[R] Accelerating binRead

Philippe de Rochambeau phiroc at free.fr
Sun Sep 18 17:02:00 CEST 2016


I would gladly examine your example, Mike.
Cheers,
Philippe

> Le 18 sept. 2016 à 16:05, Michael Sumner <mdsumner at gmail.com> a écrit :
> 
> 
> 
>> On Sun, 18 Sep 2016, 19:04 Philippe de Rochambeau <phiroc at free.fr> wrote:
>> Please find below code that attempts to read ints, longs and floats from a binary file (which is a simplification of my original program).
>> Please disregard the R inefficiencies, such as using rbind, for now.
>> I’ve also included Java code to generate the binary file.
>> The output shows that, at one point, anInt becomes undefined.
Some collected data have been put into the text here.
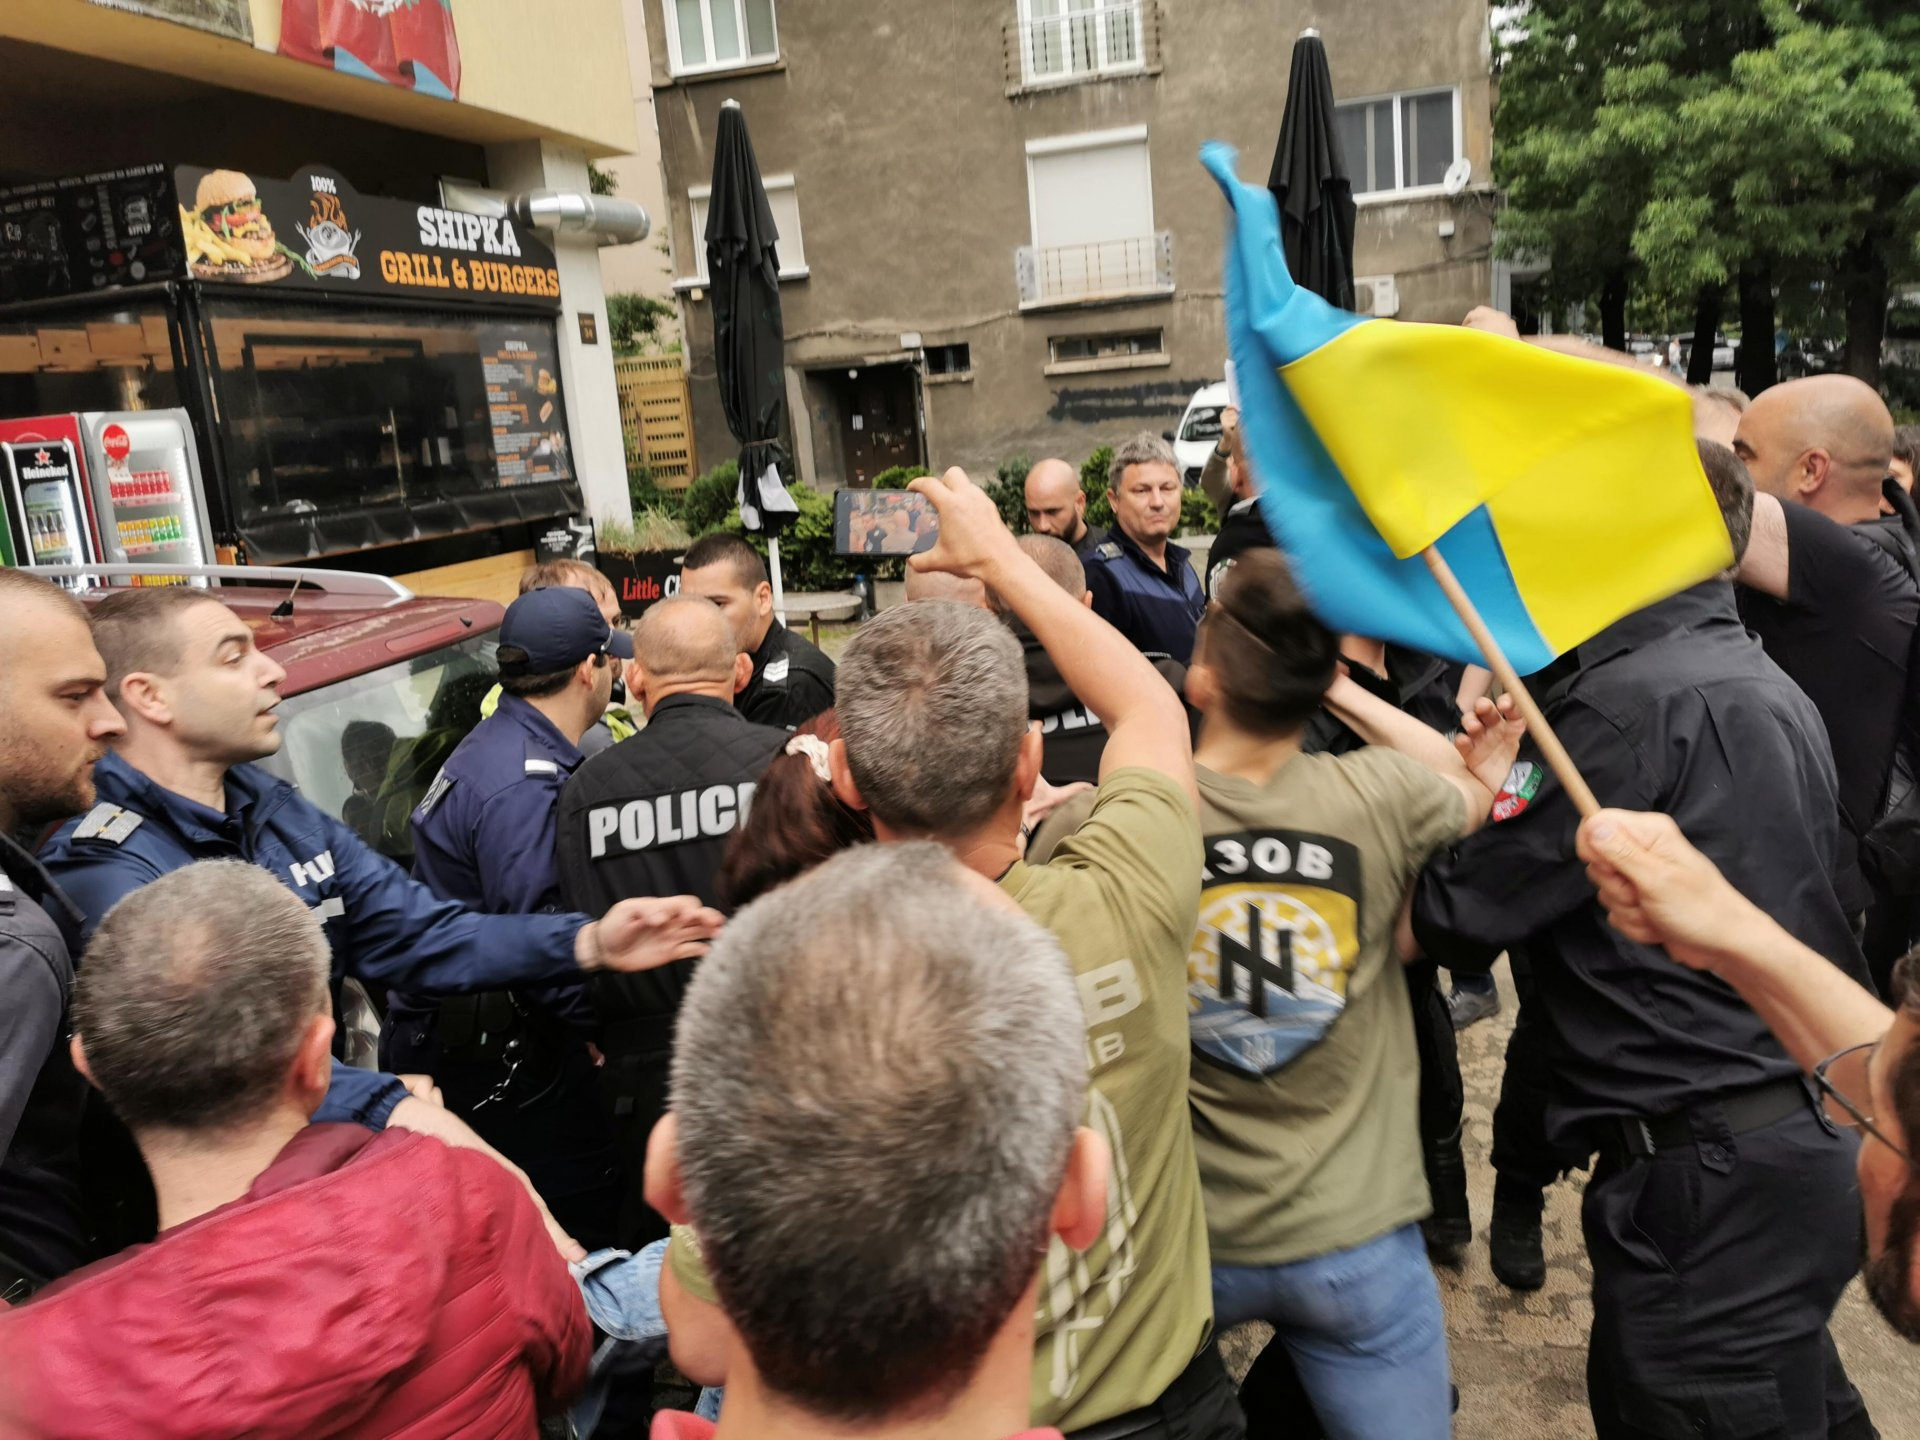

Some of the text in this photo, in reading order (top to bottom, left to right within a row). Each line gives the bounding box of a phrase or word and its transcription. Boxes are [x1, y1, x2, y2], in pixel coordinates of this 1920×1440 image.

[310, 174, 337, 195] 100%
[416, 205, 521, 257] SHIPKA
[380, 250, 560, 297] GRILL & BURGERS
[22, 464, 69, 480] Heineken
[622, 575, 660, 600] Little
[1202, 837, 1334, 882] ЗОВ
Unfortunately, I couldn’t find the correct R function to determine whether inInt is undefined or not, as is.null, is.nan, and is.infinite don’t work.
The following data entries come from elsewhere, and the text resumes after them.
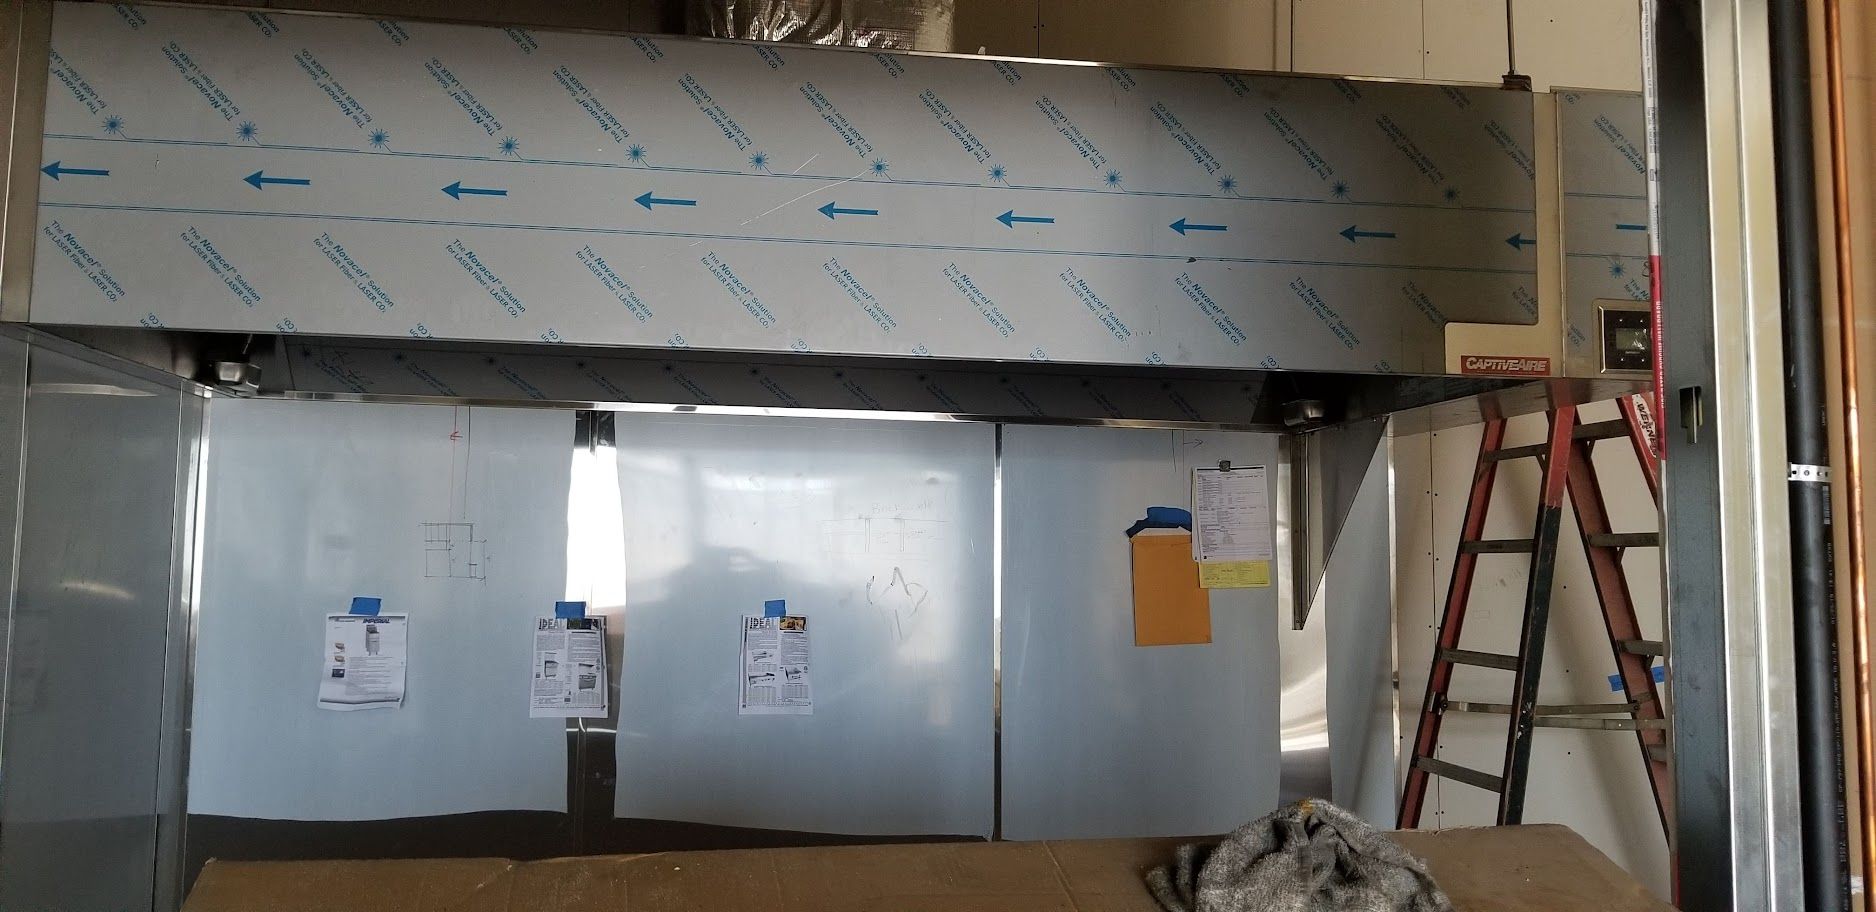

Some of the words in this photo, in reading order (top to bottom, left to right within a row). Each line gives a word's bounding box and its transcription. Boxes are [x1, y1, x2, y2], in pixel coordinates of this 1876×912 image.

[51, 219, 64, 235] The
[98, 268, 126, 297] Solution
[51, 235, 72, 255] LASER
[87, 271, 108, 292] LASER
[188, 225, 201, 241] The
[234, 274, 261, 302] Solution
[188, 240, 208, 261] LASER
[224, 277, 244, 297] LASER
[321, 231, 334, 246] The
[367, 280, 394, 307] Solution
[321, 246, 341, 267] LASER
[357, 282, 377, 303] LASER
[453, 238, 466, 253] The
[499, 285, 526, 313] Solution
[453, 253, 474, 273] LASER
[489, 288, 509, 308] LASER
[583, 244, 595, 259] The
[628, 291, 654, 318] Solution
[583, 259, 603, 279] LASER
[618, 294, 637, 314] LASER
[708, 250, 720, 265] The
[751, 297, 776, 323] Solution
[708, 265, 727, 284] LASER
[742, 299, 761, 319] LASER
[829, 256, 841, 271] The
[872, 302, 897, 328] Solution
[830, 270, 849, 290] LASER
[863, 304, 882, 324] LASER
[949, 261, 961, 276] The
[991, 307, 1016, 333] Solution
[949, 275, 968, 295] LASER
[982, 309, 1000, 328] LASER
[1066, 266, 1077, 280] The
[1107, 311, 1131, 337] Solution
[1066, 280, 1084, 299] LASER
[1098, 314, 1116, 333] LASER
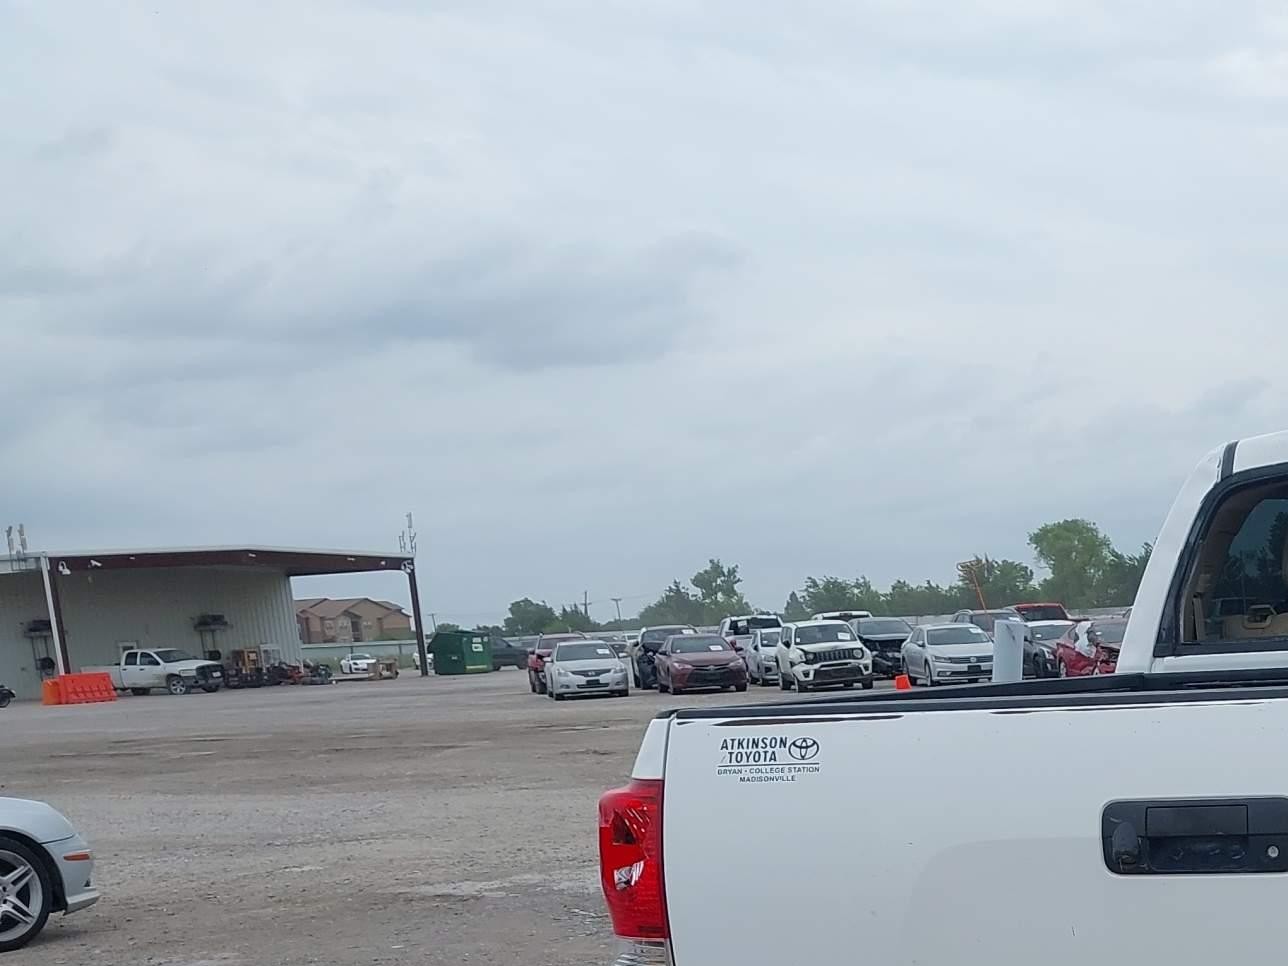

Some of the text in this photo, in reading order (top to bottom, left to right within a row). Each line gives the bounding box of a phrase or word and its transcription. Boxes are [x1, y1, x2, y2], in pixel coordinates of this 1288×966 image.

[720, 736, 788, 750] ATKINSON
[727, 750, 777, 764] TOYOTA
[749, 766, 786, 775] COLLEGE
[788, 766, 820, 774] STATION
[739, 774, 797, 783] MADISONVILLE
>> Any help would be much appreciated.
>> Many thanks in advance.
>> Philippe
>> 
>> ———————
>> [1] "anInt = 1"
>> [1] "is.null  FALSE"
>> [1] "is.nan  FALSE"
>> [1] "is.infinite  FALSE"
>> [1] "aLong = 2"
>> [1] "aFloat = 3.44440007209778"
>> [1] "--------------------------"
>> [1] "anInt = 2"
>> [1] "is.null  FALSE"
>> [1] "is.nan  FALSE"
>> [1] "is.infinite  FALSE"
>> [1] "aLong = 22"
>> [1] "aFloat = 13.4644002914429"
>> [1] "--------------------------"
>> [1] "anInt = 3"
>> [1] "is.null  FALSE"
>> [1] "is.nan  FALSE"
>> [1] "is.infinite  FALSE"
>> [1] "aLong = 55"
>> [1] "aFloat = 45.4444007873535"
>> [1] "--------------------------"
>> [1] "anInt = "
>> [1] "is.null  FALSE"
>> [1] "is.nan  "
>> [1] "is.infinite  "
>> [1] "aLong = "
>> [1] "aFloat = "
>> [1] "--------------------------"
>>      [,1]      [,2]      [,3]
>> [1,] 1         2         3.4444
>> [2,] 2         22        13.4644
>> [3,] 3         55        45.4444
>> [4,] Integer,0 Integer,0 Numeric,0
>> >
>> 
>> -----------
>> 
>> 
>> —————————————————————
>> 
>> readFile <- function(inputPath) {
>>   URL <- file(inputPath, "rb")
>>   PLT <- matrix(nrow=0, ncol=3)
>>   counte <- 0
>>   max <- 4
>>   while (counte < max) {
>>     anInt <- readBin(con=URL, what=integer(), size=4, n=1, endian="big")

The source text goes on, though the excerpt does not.